→ Input data:

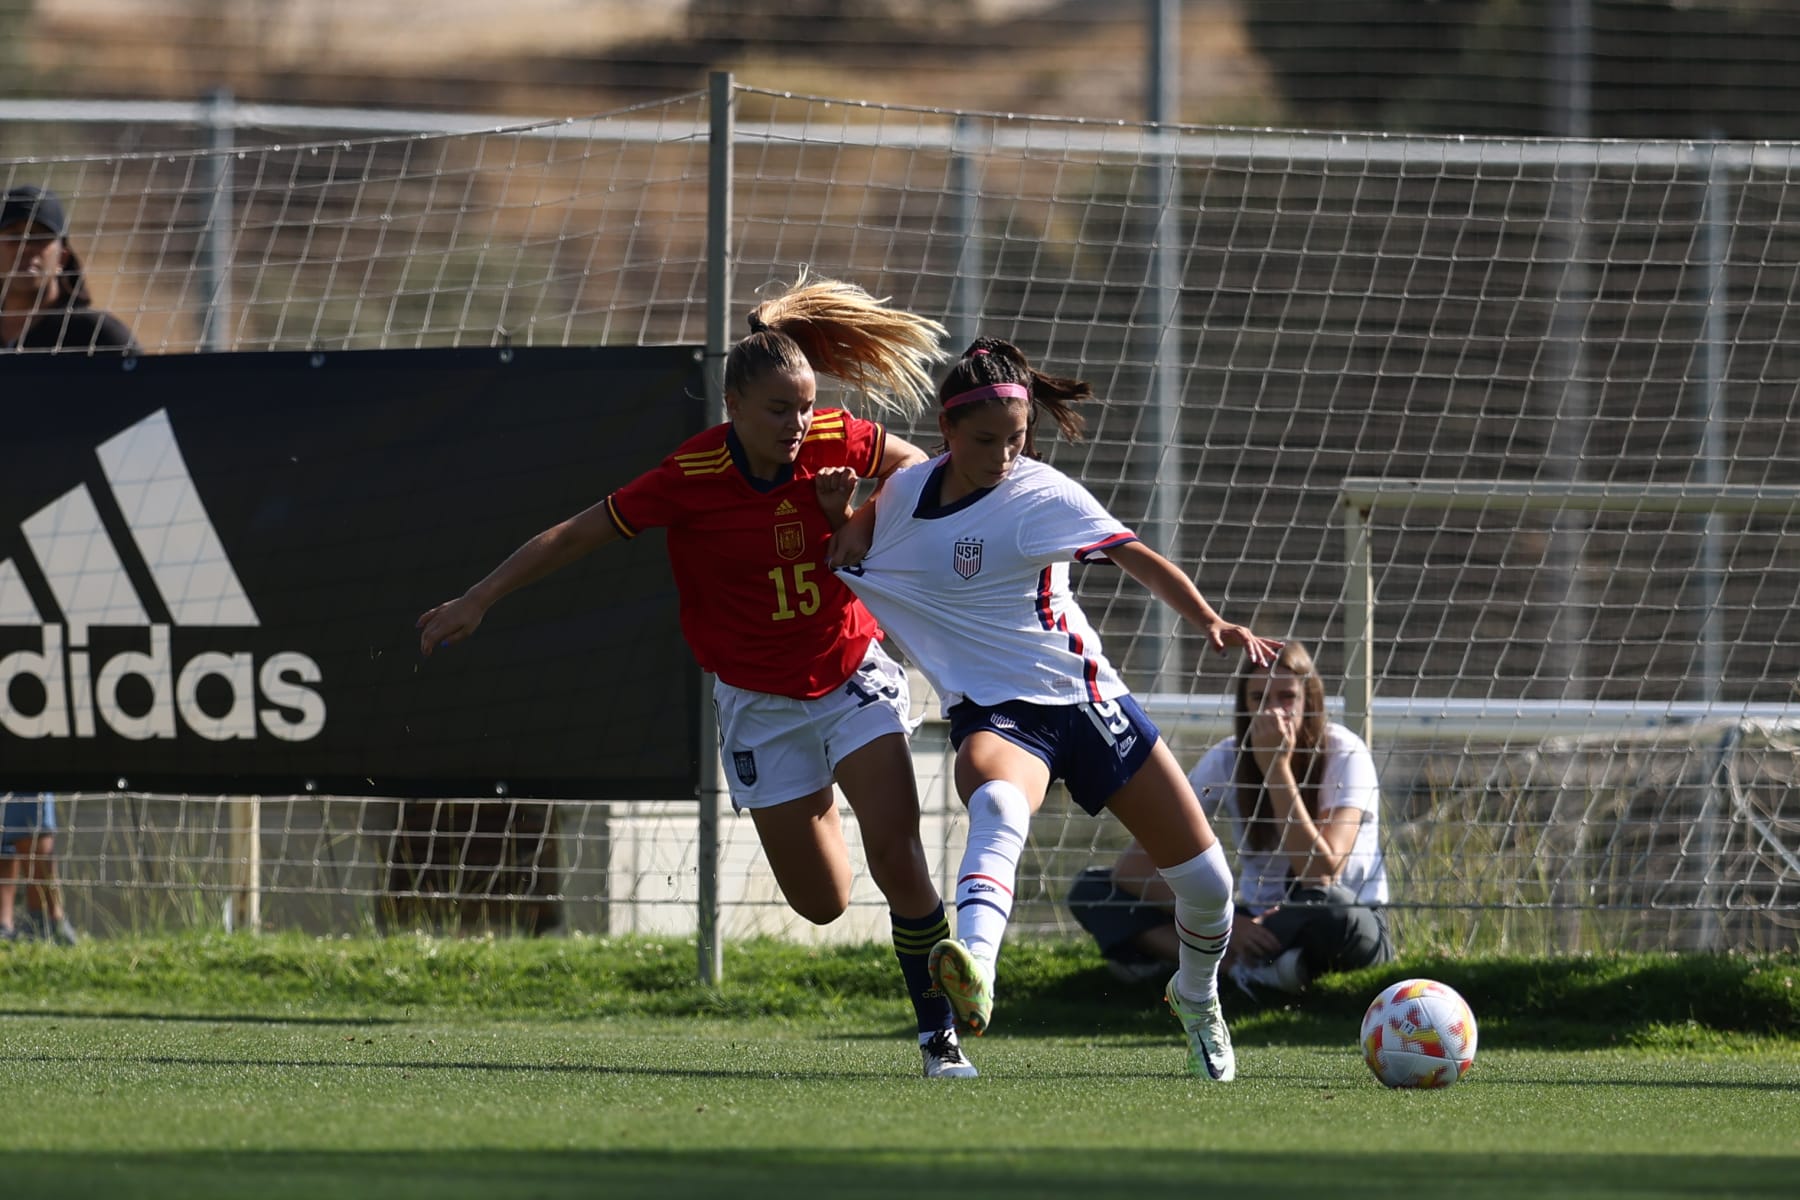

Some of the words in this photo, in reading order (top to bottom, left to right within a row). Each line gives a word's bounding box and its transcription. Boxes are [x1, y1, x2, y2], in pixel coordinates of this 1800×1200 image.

[957, 545, 980, 559] USA
[768, 562, 820, 621] 15
[0, 623, 327, 741] didas
[1077, 699, 1130, 747] 19
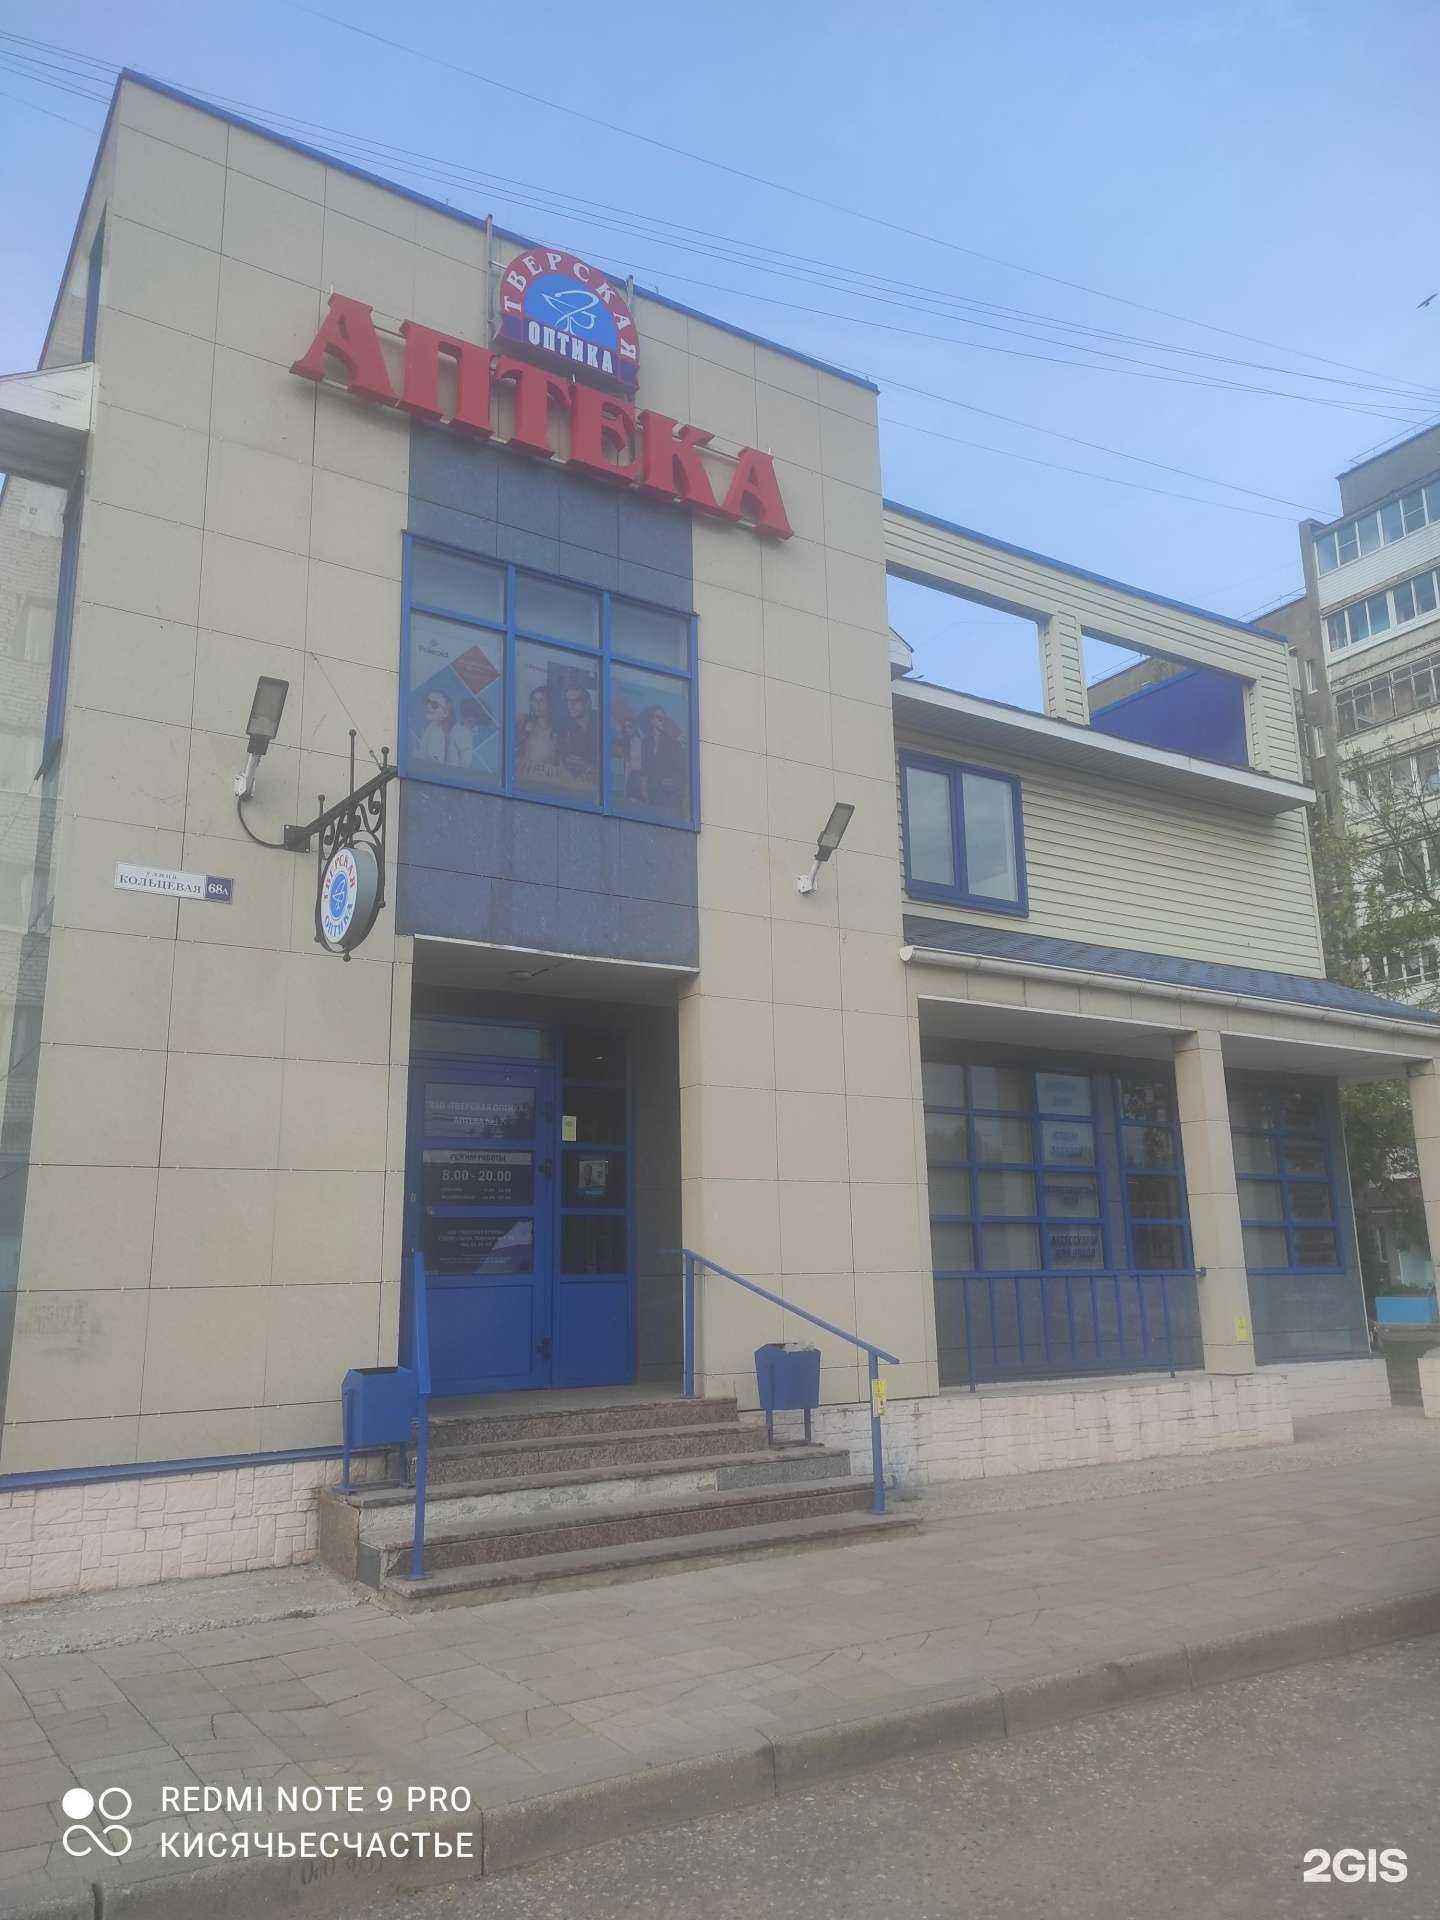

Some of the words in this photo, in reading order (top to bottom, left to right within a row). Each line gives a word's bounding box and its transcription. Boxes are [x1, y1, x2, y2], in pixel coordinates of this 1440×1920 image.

[504, 252, 637, 360] ТВЕРСКАЯ
[528, 320, 614, 375] ОПТИКА
[290, 292, 794, 541] АПТЕКА
[119, 873, 202, 895] КОЛЬЦЕВАЯ
[477, 1170, 512, 1183] 20.00

→ Instructions for the task: Retype the entries word for word. Omit any images.

→ Answer for the task:
Some of the words in this photo, in reading order (top to bottom, left to right within a row). Each line gives a word's bounding box and its transcription. Boxes are [x1, y1, x2, y2], in pixel coordinates of this 1800×1200 image.

[957, 545, 980, 559] USA
[768, 562, 820, 621] 15
[0, 623, 327, 741] didas
[1077, 699, 1130, 747] 19

Some of the words in this photo, in reading order (top to bottom, left to right within a row). Each line gives a word's bounding box and its transcription. Boxes are [x1, y1, x2, y2], in pixel coordinates of this 1440×1920 image.

[504, 252, 637, 360] ТВЕРСКАЯ
[528, 320, 614, 375] ОПТИКА
[290, 292, 794, 541] АПТЕКА
[119, 873, 202, 895] КОЛЬЦЕВАЯ
[477, 1170, 512, 1183] 20.00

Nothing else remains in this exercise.